▶ [What to work on]:
Could you repeat, word for word, every line from the one containing "this 1280×1707 image." through the final line of the records below, and nothing else?

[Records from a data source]
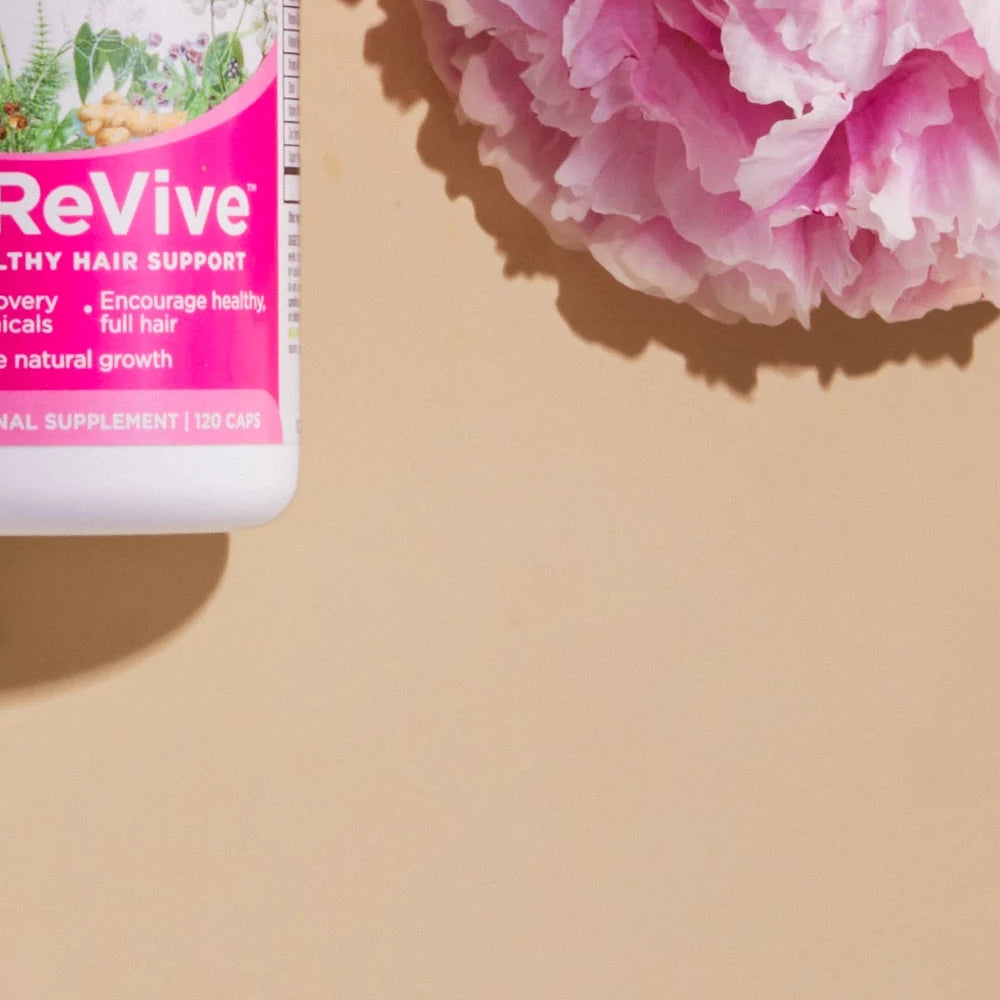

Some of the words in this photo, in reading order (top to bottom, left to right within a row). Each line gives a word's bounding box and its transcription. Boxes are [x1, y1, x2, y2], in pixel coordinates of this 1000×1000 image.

[73, 250, 140, 273] HAIR
[146, 250, 247, 272] SUPPORT
[100, 290, 208, 316] Encourage
[211, 289, 267, 314] healthy,
[99, 313, 134, 334] full
[139, 313, 179, 334] hair
[14, 348, 93, 370] natural
[98, 348, 173, 373] growth
[44, 411, 180, 433] SUPPLEMENT
[194, 411, 222, 430] 120
[225, 411, 262, 430] CAPS
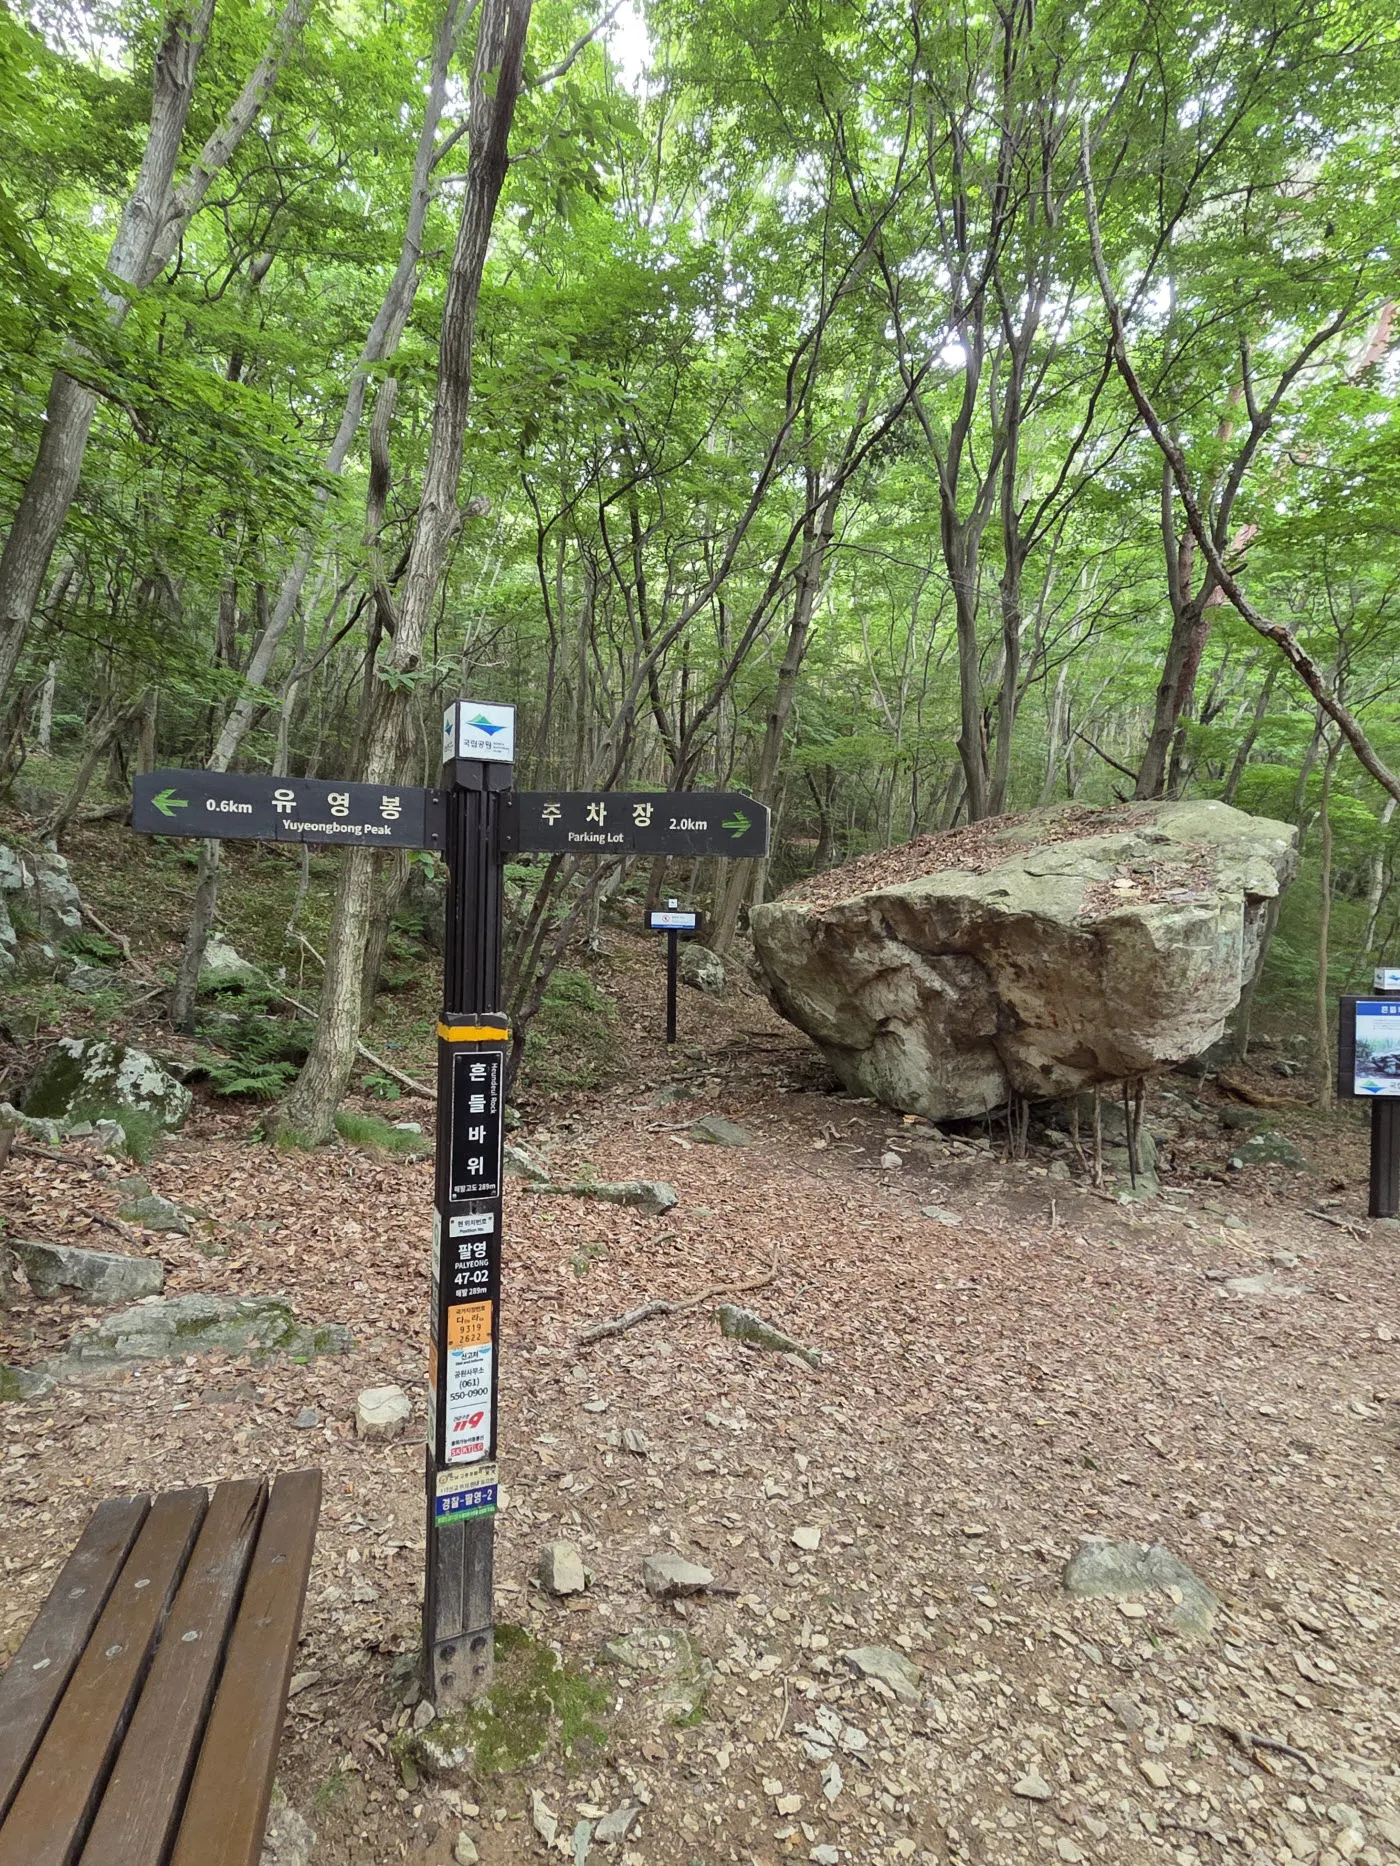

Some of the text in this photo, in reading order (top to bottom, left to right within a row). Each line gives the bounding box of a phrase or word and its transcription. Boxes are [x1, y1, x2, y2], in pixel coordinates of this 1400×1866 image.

[206, 799, 252, 813] 0.6km
[283, 819, 392, 836] Yuyeongbong Peak
[669, 818, 708, 830] 2.0km
[568, 832, 624, 844] Parking Lot
[490, 1063, 498, 1114] Heundeul Rock
[478, 1183, 496, 1191] 289m
[458, 1241, 487, 1260] 팔영
[454, 1259, 489, 1270] PALYEONG
[454, 1270, 489, 1285] 47-02
[454, 1367, 485, 1379] 공원사무소
[459, 1378, 480, 1390] (061)
[450, 1387, 489, 1401] 550-0900
[453, 1411, 484, 1432] 119
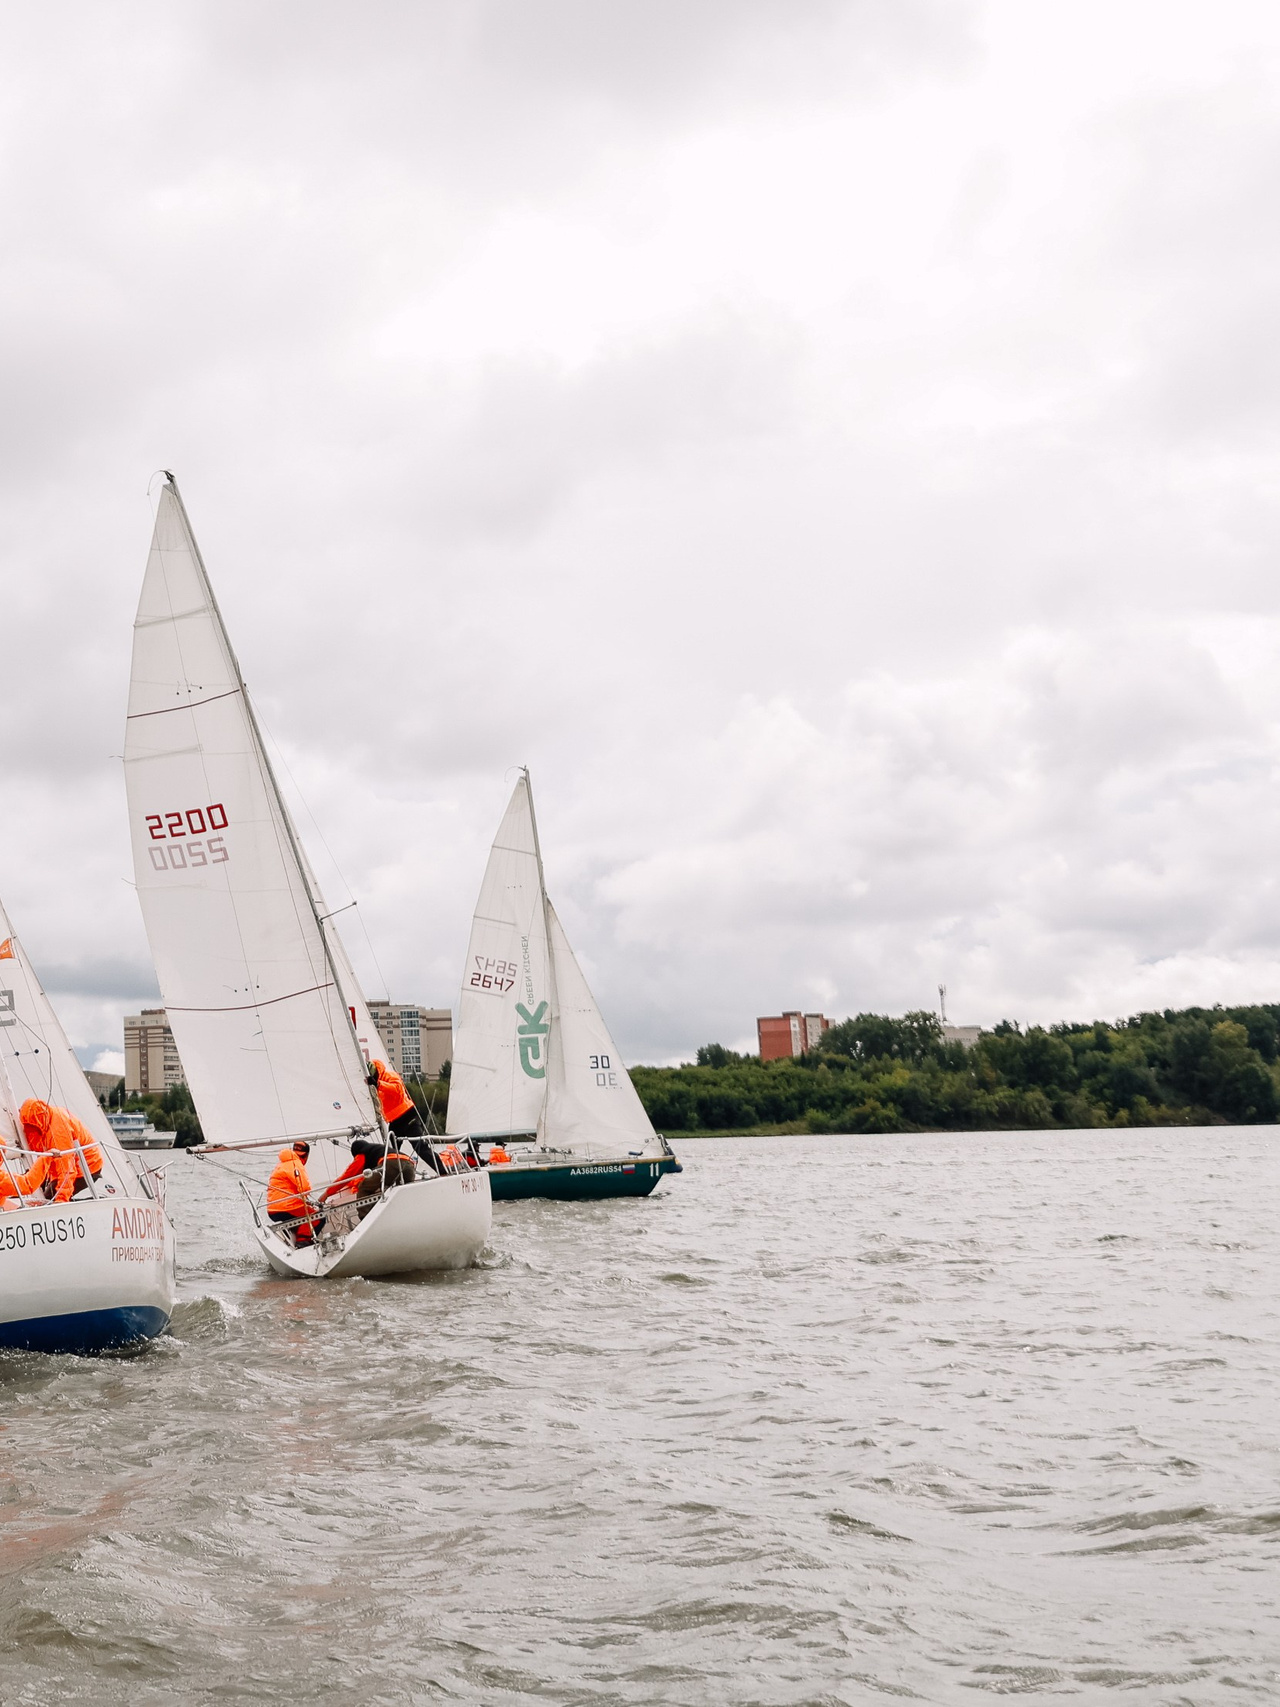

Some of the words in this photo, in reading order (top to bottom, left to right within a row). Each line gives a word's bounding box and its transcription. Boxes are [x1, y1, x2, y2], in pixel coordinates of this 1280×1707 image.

[145, 803, 229, 839] 2200
[470, 972, 515, 992] 2647
[589, 1055, 610, 1069] 30
[649, 1162, 660, 1177] 11
[30, 1216, 86, 1246] RUS16

▶ [Output of the exercise]:
Some of the words in this photo, in reading order (top to bottom, left to right within a row). Each line gives a word's bounding box and its transcription. Boxes are [x1, y1, x2, y2], in pixel coordinates of this 1280×1707 image.

[145, 803, 229, 839] 2200
[470, 972, 515, 992] 2647
[589, 1055, 610, 1069] 30
[649, 1162, 660, 1177] 11
[30, 1216, 86, 1246] RUS16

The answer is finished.